[Saved entries]
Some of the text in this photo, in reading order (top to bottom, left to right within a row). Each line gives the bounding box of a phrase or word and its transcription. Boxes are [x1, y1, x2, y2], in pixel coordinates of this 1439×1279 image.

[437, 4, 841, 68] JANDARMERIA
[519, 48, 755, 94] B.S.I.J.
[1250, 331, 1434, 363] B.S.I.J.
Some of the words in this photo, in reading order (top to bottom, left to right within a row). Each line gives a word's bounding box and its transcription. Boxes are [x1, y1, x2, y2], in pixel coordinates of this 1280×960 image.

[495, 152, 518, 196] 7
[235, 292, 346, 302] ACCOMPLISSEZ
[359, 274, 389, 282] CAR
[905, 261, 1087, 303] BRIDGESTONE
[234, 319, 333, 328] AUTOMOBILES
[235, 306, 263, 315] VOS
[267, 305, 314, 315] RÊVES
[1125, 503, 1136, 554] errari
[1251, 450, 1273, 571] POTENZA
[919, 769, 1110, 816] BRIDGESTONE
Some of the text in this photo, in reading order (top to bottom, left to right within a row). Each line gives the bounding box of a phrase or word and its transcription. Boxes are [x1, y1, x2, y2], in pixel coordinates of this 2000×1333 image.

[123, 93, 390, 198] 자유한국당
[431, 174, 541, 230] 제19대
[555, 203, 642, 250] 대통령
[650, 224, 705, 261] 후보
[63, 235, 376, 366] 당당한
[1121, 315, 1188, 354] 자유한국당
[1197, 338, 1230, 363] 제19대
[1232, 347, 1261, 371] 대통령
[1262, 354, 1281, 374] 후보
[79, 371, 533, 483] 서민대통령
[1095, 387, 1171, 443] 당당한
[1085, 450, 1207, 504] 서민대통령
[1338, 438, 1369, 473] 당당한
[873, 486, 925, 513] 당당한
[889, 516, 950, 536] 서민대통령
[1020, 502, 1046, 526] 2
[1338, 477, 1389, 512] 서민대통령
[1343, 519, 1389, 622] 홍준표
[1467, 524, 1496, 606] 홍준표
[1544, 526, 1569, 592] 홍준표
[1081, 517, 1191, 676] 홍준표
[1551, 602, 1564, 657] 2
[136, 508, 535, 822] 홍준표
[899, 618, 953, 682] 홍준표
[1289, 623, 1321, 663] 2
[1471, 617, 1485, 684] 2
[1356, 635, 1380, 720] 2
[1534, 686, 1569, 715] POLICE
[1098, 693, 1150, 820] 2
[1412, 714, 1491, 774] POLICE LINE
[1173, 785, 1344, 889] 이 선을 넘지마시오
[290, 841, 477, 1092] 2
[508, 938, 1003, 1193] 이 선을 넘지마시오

## What this task involves
Repeat word for word the lines running from the line containing "Some of the words" to the end of the entries above, inclusive.

## Task answer
Some of the words in this photo, in reading order (top to bottom, left to right within a row). Each line gives a word's bounding box and its transcription. Boxes are [x1, y1, x2, y2], in pixel coordinates of this 1280×960 image.

[495, 152, 518, 196] 7
[235, 292, 346, 302] ACCOMPLISSEZ
[359, 274, 389, 282] CAR
[905, 261, 1087, 303] BRIDGESTONE
[234, 319, 333, 328] AUTOMOBILES
[235, 306, 263, 315] VOS
[267, 305, 314, 315] RÊVES
[1125, 503, 1136, 554] errari
[1251, 450, 1273, 571] POTENZA
[919, 769, 1110, 816] BRIDGESTONE
Some of the text in this photo, in reading order (top to bottom, left to right within a row). Each line gives the bounding box of a phrase or word and its transcription. Boxes are [x1, y1, x2, y2], in pixel coordinates of this 2000×1333 image.

[123, 93, 390, 198] 자유한국당
[431, 174, 541, 230] 제19대
[555, 203, 642, 250] 대통령
[650, 224, 705, 261] 후보
[63, 235, 376, 366] 당당한
[1121, 315, 1188, 354] 자유한국당
[1197, 338, 1230, 363] 제19대
[1232, 347, 1261, 371] 대통령
[1262, 354, 1281, 374] 후보
[79, 371, 533, 483] 서민대통령
[1095, 387, 1171, 443] 당당한
[1085, 450, 1207, 504] 서민대통령
[1338, 438, 1369, 473] 당당한
[873, 486, 925, 513] 당당한
[889, 516, 950, 536] 서민대통령
[1020, 502, 1046, 526] 2
[1338, 477, 1389, 512] 서민대통령
[1343, 519, 1389, 622] 홍준표
[1467, 524, 1496, 606] 홍준표
[1544, 526, 1569, 592] 홍준표
[1081, 517, 1191, 676] 홍준표
[1551, 602, 1564, 657] 2
[136, 508, 535, 822] 홍준표
[899, 618, 953, 682] 홍준표
[1289, 623, 1321, 663] 2
[1471, 617, 1485, 684] 2
[1356, 635, 1380, 720] 2
[1534, 686, 1569, 715] POLICE
[1098, 693, 1150, 820] 2
[1412, 714, 1491, 774] POLICE LINE
[1173, 785, 1344, 889] 이 선을 넘지마시오
[290, 841, 477, 1092] 2
[508, 938, 1003, 1193] 이 선을 넘지마시오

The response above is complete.